The House of Horrors, réalisée dans le cadre de l’exposition monographique de Sturtevant (1924-2014) « The Razzle Dazzle of Thinking » en 2010 à l’ARC, est la dernière grande installation de l’artiste et l’aboutissement magistral de toute son œuvre. Grâce à la donation de l’artiste et de son marchand Thaddaeus Ropac en 2013, The House of Horrors, exposée dans un espace qui lui est entièrement consacré, devient l'une des œuvres phares des collections permanentes du musée d’Art moderne de la Ville de Paris.

Simulant l’horreur d’un train fantôme de fête foraine, des allusions à Divine, l’actrice fétiche du cinéaste John Waters dans Pink Flamingos ou à la vidéo The Painter de l’artiste iconoclaste Paul McCarthy, se mêlent aux traditionnelles scènes de chauves-souris, de squelettes et de Frankenstein.
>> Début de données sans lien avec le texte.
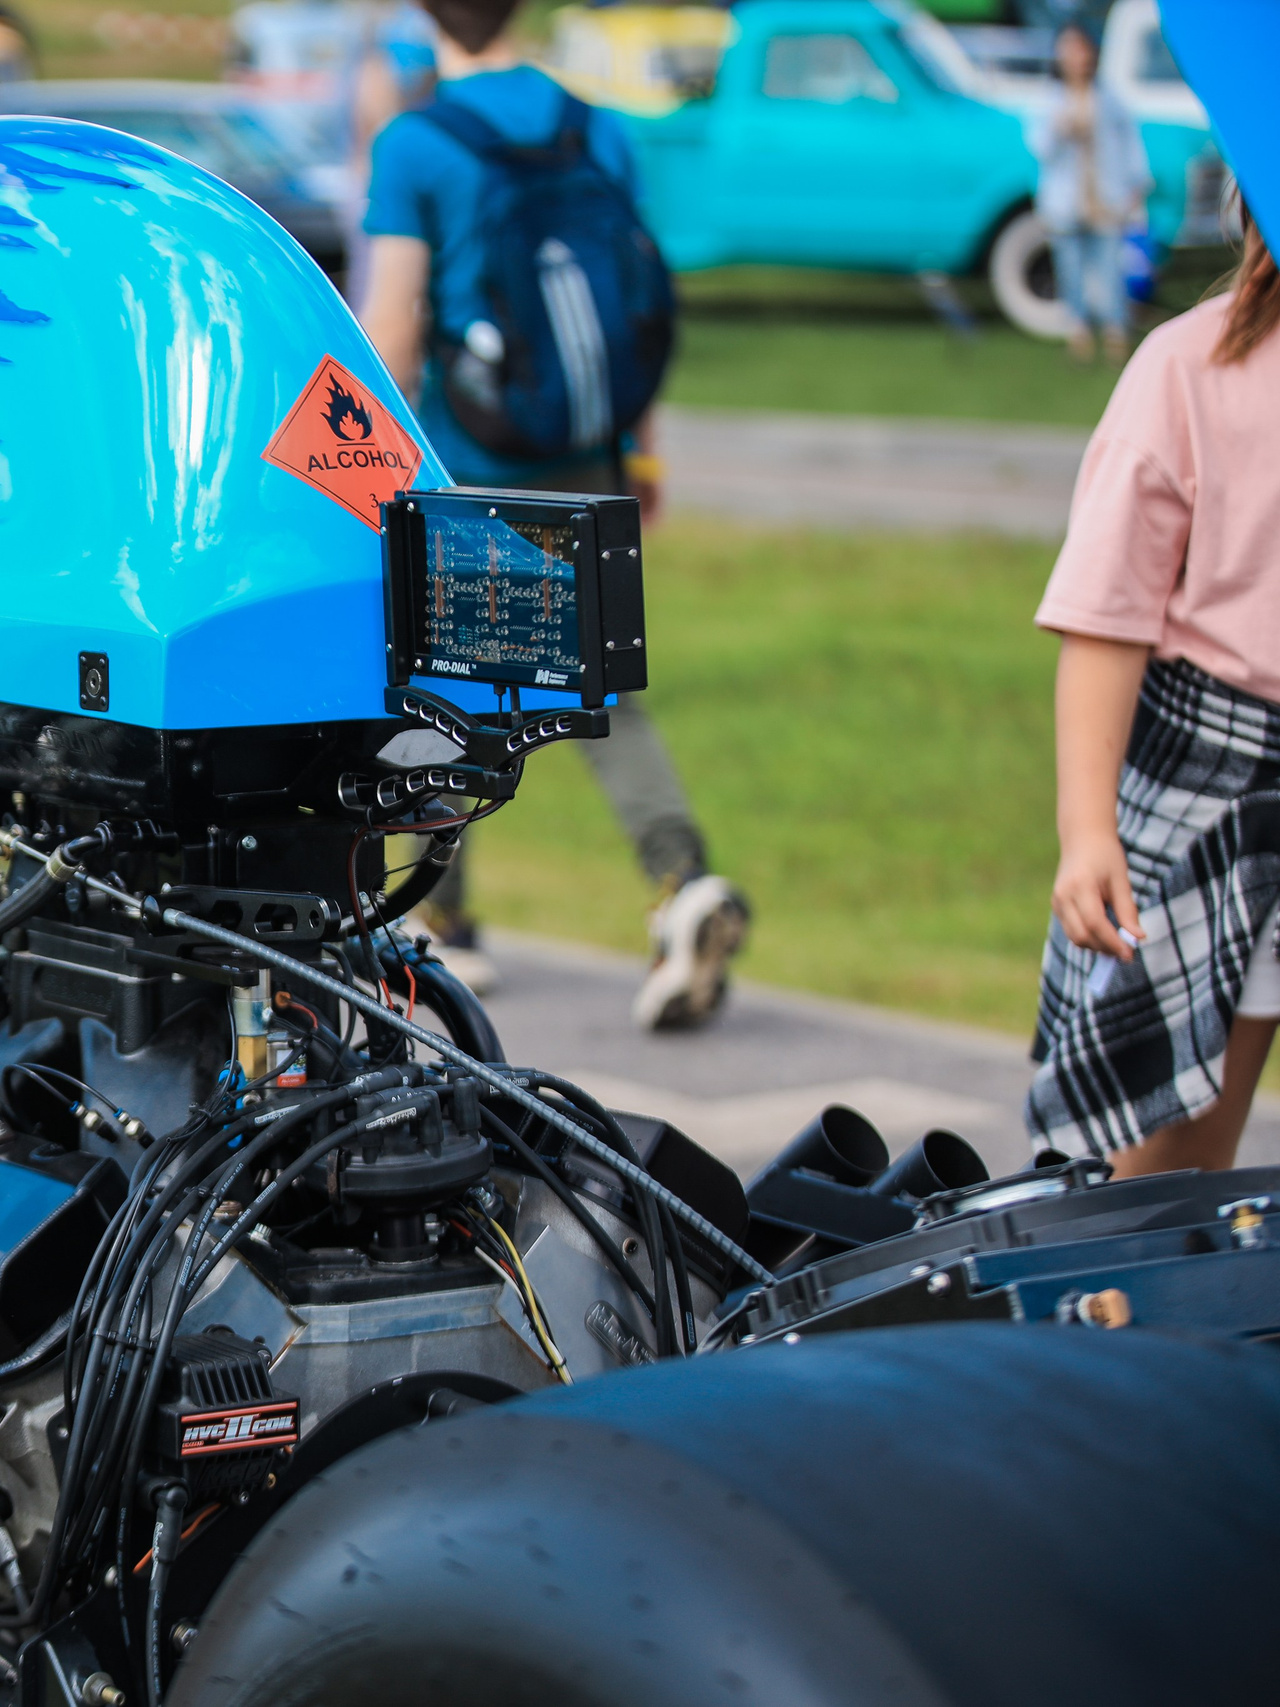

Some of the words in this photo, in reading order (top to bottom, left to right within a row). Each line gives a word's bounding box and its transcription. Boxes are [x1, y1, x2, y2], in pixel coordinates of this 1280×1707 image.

Au fil d’un parcours sinueux rythmé par une bande sonore et des effets de lumière, The House of Horrors explore sans complexe les excès de notre ère contemporaine dominée par le spectacle, l’anti-intellectualisme mais aussi la généralisation de la violence, de la haine et l’obscénité du puritanisme. L’installation du Train Fantôme grandeur nature ne relève donc qu’en apparence du pur divertissement, bien qu’elle en assume la jubilation.